== Segment start ==

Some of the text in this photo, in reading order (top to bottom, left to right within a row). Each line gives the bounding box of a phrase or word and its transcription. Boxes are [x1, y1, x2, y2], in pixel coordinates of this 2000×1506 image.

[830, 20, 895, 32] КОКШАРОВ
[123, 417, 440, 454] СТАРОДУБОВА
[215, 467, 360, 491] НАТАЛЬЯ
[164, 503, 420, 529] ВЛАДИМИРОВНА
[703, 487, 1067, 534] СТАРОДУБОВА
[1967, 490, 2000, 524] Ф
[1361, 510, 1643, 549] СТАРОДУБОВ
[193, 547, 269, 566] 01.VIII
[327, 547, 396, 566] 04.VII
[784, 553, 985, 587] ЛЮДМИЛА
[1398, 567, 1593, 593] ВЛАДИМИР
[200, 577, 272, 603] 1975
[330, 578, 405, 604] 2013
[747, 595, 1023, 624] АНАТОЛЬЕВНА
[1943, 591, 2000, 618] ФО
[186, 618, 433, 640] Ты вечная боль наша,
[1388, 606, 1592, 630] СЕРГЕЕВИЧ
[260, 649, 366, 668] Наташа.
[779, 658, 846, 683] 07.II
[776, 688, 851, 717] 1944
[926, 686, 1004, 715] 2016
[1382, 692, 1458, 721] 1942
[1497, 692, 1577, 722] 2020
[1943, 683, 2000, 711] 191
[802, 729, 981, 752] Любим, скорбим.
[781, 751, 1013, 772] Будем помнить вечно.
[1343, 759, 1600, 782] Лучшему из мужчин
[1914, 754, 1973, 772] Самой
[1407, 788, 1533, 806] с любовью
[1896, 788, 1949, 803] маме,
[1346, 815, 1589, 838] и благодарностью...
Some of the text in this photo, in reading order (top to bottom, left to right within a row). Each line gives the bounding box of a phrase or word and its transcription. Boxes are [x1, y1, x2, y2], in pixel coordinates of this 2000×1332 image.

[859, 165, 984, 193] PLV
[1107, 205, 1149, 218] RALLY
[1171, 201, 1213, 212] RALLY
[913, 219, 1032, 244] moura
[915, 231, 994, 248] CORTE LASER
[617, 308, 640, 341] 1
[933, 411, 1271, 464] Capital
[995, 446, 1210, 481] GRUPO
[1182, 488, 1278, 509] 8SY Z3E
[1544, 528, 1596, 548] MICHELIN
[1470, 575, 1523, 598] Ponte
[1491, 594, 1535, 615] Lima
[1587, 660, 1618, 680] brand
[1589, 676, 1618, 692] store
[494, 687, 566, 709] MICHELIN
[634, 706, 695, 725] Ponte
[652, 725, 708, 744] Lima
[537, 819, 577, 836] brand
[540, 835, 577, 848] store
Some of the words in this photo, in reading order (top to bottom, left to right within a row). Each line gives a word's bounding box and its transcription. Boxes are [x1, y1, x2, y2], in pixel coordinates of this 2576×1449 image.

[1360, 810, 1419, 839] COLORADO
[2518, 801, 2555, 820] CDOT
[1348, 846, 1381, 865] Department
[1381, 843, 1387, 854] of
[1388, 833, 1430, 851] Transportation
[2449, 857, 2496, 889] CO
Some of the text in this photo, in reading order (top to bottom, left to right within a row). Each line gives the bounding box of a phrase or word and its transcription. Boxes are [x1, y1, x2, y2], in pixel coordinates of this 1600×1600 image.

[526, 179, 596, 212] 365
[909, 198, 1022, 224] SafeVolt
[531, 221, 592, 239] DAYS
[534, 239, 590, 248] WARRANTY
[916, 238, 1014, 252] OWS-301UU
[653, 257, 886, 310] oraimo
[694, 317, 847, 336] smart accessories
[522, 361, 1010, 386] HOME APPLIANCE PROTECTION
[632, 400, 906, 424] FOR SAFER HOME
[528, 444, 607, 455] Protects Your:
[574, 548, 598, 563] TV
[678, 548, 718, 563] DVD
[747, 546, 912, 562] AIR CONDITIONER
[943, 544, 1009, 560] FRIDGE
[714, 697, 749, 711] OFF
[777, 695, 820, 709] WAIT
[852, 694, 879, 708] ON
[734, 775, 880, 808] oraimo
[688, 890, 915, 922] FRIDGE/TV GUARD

== Segment end ==

Task to complete: All of the material should be copied verbatim.

Solution for this problem:
Some of the text in this photo, in reading order (top to bottom, left to right within a row). Each line gives the bounding box of a phrase or word and its transcription. Boxes are [x1, y1, x2, y2], in pixel coordinates of this 2000×1506 image.

[830, 20, 895, 32] КОКШАРОВ
[123, 417, 440, 454] СТАРОДУБОВА
[215, 467, 360, 491] НАТАЛЬЯ
[164, 503, 420, 529] ВЛАДИМИРОВНА
[703, 487, 1067, 534] СТАРОДУБОВА
[1967, 490, 2000, 524] Ф
[1361, 510, 1643, 549] СТАРОДУБОВ
[193, 547, 269, 566] 01.VIII
[327, 547, 396, 566] 04.VII
[784, 553, 985, 587] ЛЮДМИЛА
[1398, 567, 1593, 593] ВЛАДИМИР
[200, 577, 272, 603] 1975
[330, 578, 405, 604] 2013
[747, 595, 1023, 624] АНАТОЛЬЕВНА
[1943, 591, 2000, 618] ФО
[186, 618, 433, 640] Ты вечная боль наша,
[1388, 606, 1592, 630] СЕРГЕЕВИЧ
[260, 649, 366, 668] Наташа.
[779, 658, 846, 683] 07.II
[776, 688, 851, 717] 1944
[926, 686, 1004, 715] 2016
[1382, 692, 1458, 721] 1942
[1497, 692, 1577, 722] 2020
[1943, 683, 2000, 711] 191
[802, 729, 981, 752] Любим, скорбим.
[781, 751, 1013, 772] Будем помнить вечно.
[1343, 759, 1600, 782] Лучшему из мужчин
[1914, 754, 1973, 772] Самой
[1407, 788, 1533, 806] с любовью
[1896, 788, 1949, 803] маме,
[1346, 815, 1589, 838] и благодарностью...
Some of the text in this photo, in reading order (top to bottom, left to right within a row). Each line gives the bounding box of a phrase or word and its transcription. Boxes are [x1, y1, x2, y2], in pixel coordinates of this 2000×1332 image.

[859, 165, 984, 193] PLV
[1107, 205, 1149, 218] RALLY
[1171, 201, 1213, 212] RALLY
[913, 219, 1032, 244] moura
[915, 231, 994, 248] CORTE LASER
[617, 308, 640, 341] 1
[933, 411, 1271, 464] Capital
[995, 446, 1210, 481] GRUPO
[1182, 488, 1278, 509] 8SY Z3E
[1544, 528, 1596, 548] MICHELIN
[1470, 575, 1523, 598] Ponte
[1491, 594, 1535, 615] Lima
[1587, 660, 1618, 680] brand
[1589, 676, 1618, 692] store
[494, 687, 566, 709] MICHELIN
[634, 706, 695, 725] Ponte
[652, 725, 708, 744] Lima
[537, 819, 577, 836] brand
[540, 835, 577, 848] store
Some of the words in this photo, in reading order (top to bottom, left to right within a row). Each line gives a word's bounding box and its transcription. Boxes are [x1, y1, x2, y2], in pixel coordinates of this 2576×1449 image.

[1360, 810, 1419, 839] COLORADO
[2518, 801, 2555, 820] CDOT
[1348, 846, 1381, 865] Department
[1381, 843, 1387, 854] of
[1388, 833, 1430, 851] Transportation
[2449, 857, 2496, 889] CO
Some of the text in this photo, in reading order (top to bottom, left to right within a row). Each line gives the bounding box of a phrase or word and its transcription. Boxes are [x1, y1, x2, y2], in pixel coordinates of this 1600×1600 image.

[526, 179, 596, 212] 365
[909, 198, 1022, 224] SafeVolt
[531, 221, 592, 239] DAYS
[534, 239, 590, 248] WARRANTY
[916, 238, 1014, 252] OWS-301UU
[653, 257, 886, 310] oraimo
[694, 317, 847, 336] smart accessories
[522, 361, 1010, 386] HOME APPLIANCE PROTECTION
[632, 400, 906, 424] FOR SAFER HOME
[528, 444, 607, 455] Protects Your:
[574, 548, 598, 563] TV
[678, 548, 718, 563] DVD
[747, 546, 912, 562] AIR CONDITIONER
[943, 544, 1009, 560] FRIDGE
[714, 697, 749, 711] OFF
[777, 695, 820, 709] WAIT
[852, 694, 879, 708] ON
[734, 775, 880, 808] oraimo
[688, 890, 915, 922] FRIDGE/TV GUARD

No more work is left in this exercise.